## Work to be completed
The entries that follow contain images, which should be left out; output everything else exactly.

## Records for processing

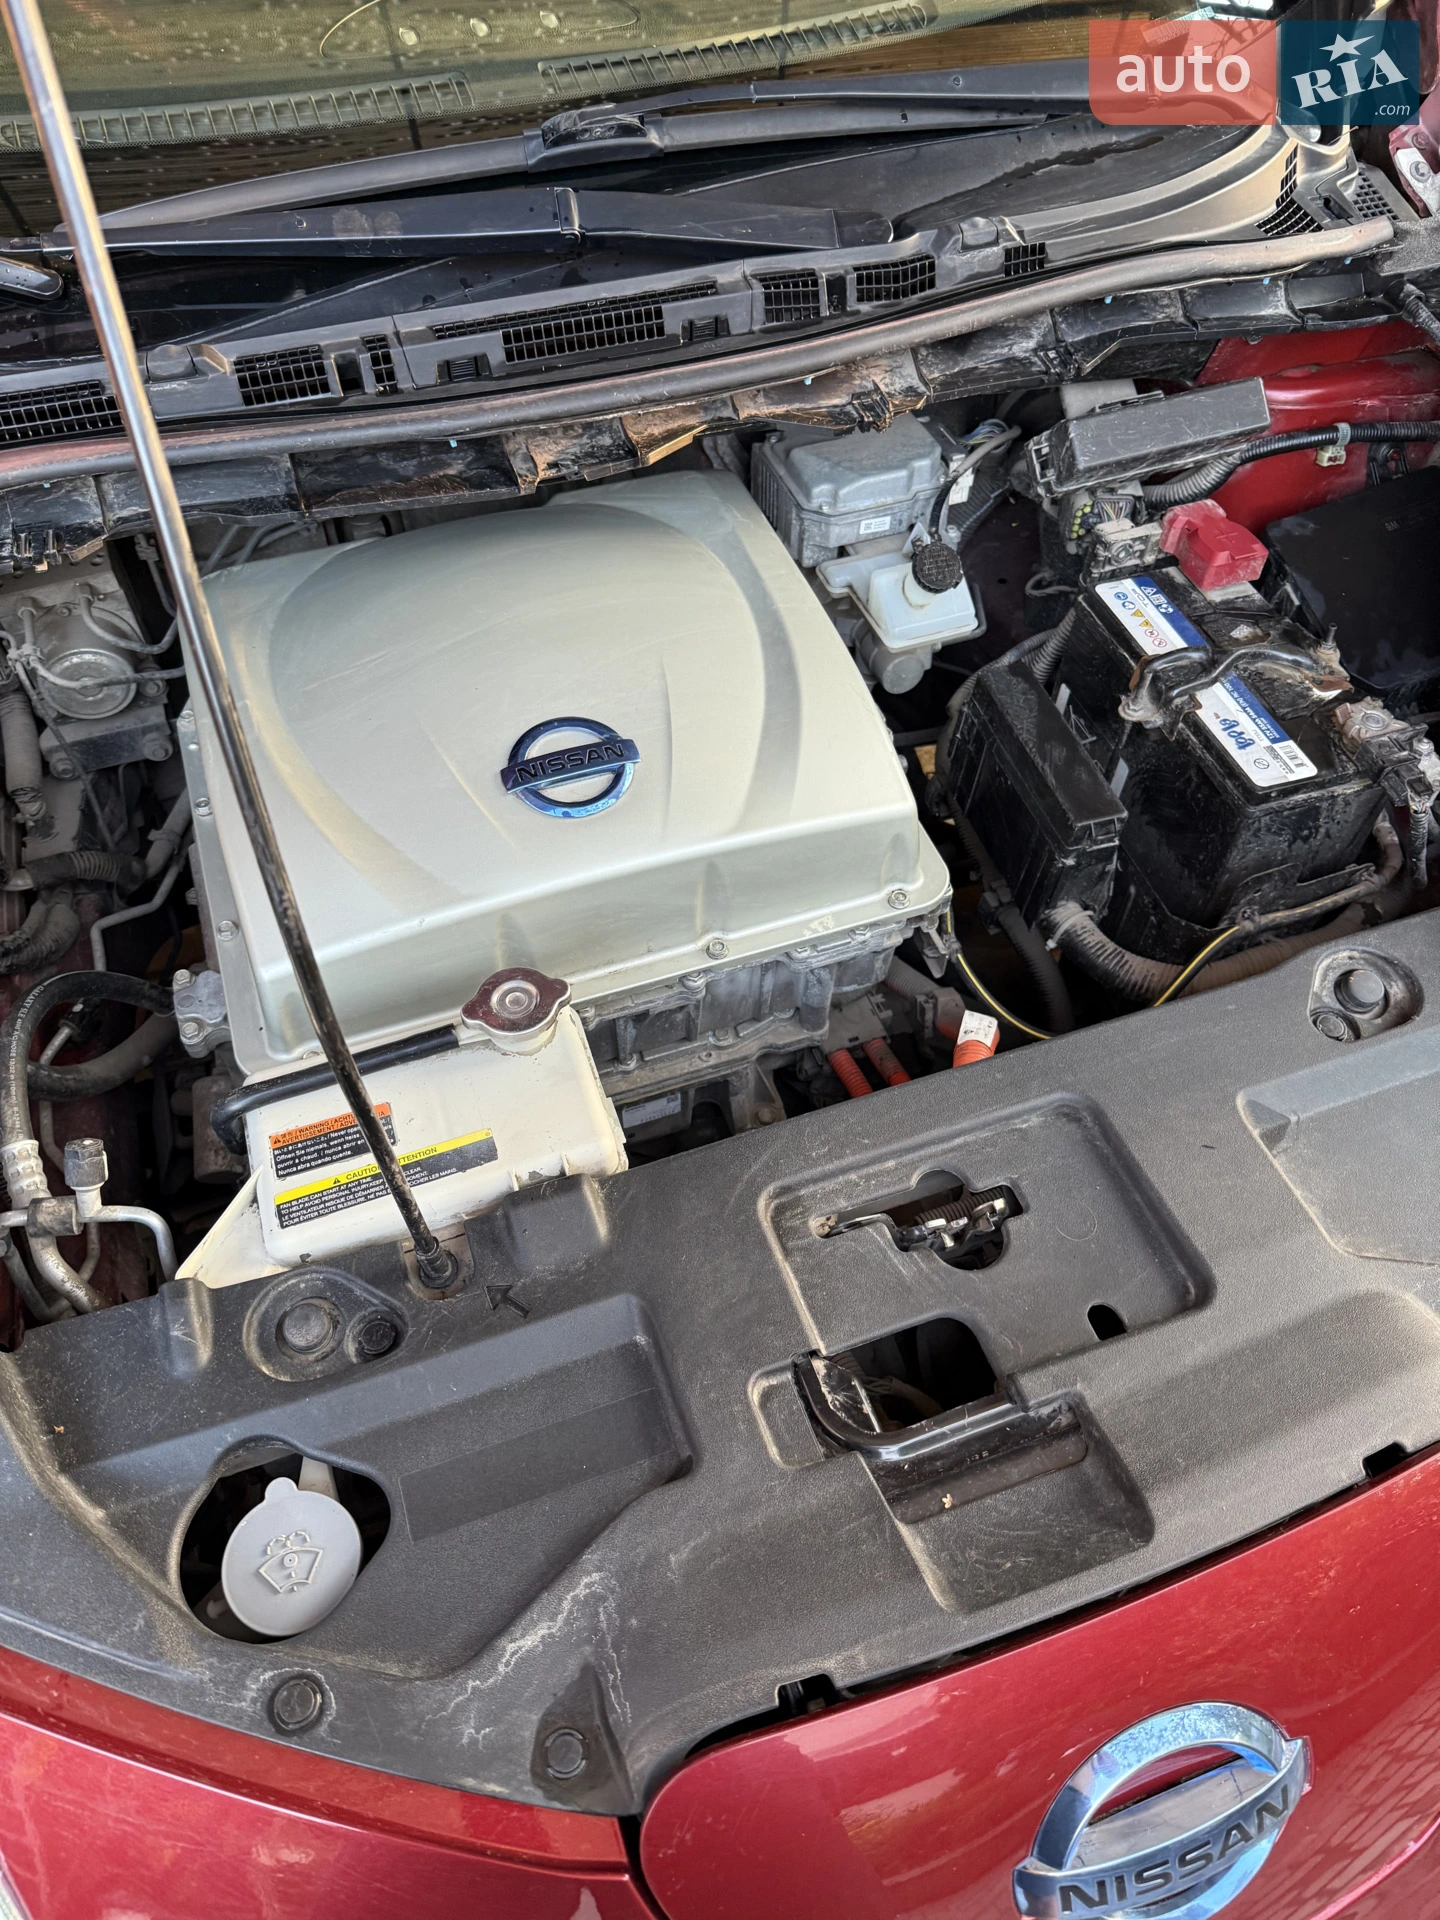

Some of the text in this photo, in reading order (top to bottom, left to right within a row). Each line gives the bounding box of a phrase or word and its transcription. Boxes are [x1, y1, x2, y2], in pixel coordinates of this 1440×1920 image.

[515, 743, 624, 783] NISSAN
[298, 1120, 329, 1133] WARNING
[330, 1129, 346, 1138] Never
[282, 1126, 335, 1144] AVERTISSEMENT
[397, 1147, 438, 1164] TTENTION
[278, 1166, 297, 1175] Nunca
[297, 1162, 310, 1170] abra
[346, 1165, 380, 1181] CAUTIO
[289, 1203, 304, 1212] HELP
[321, 1189, 351, 1202] PERSONAL
[291, 1196, 309, 1205] BLADE
[309, 1192, 322, 1200] CAN
[347, 1180, 359, 1188] ANY
[289, 1203, 325, 1218] VENTILATEUR
[283, 1217, 299, 1226] POUR
[1057, 1783, 1289, 1916] NISSAN

## Result for this task
Some of the text in this photo, in reading order (top to bottom, left to right within a row). Each line gives the bounding box of a phrase or word and its transcription. Boxes are [x1, y1, x2, y2], in pixel coordinates of this 1440×1920 image.

[515, 743, 624, 783] NISSAN
[298, 1120, 329, 1133] WARNING
[330, 1129, 346, 1138] Never
[282, 1126, 335, 1144] AVERTISSEMENT
[397, 1147, 438, 1164] TTENTION
[278, 1166, 297, 1175] Nunca
[297, 1162, 310, 1170] abra
[346, 1165, 380, 1181] CAUTIO
[289, 1203, 304, 1212] HELP
[321, 1189, 351, 1202] PERSONAL
[291, 1196, 309, 1205] BLADE
[309, 1192, 322, 1200] CAN
[347, 1180, 359, 1188] ANY
[289, 1203, 325, 1218] VENTILATEUR
[283, 1217, 299, 1226] POUR
[1057, 1783, 1289, 1916] NISSAN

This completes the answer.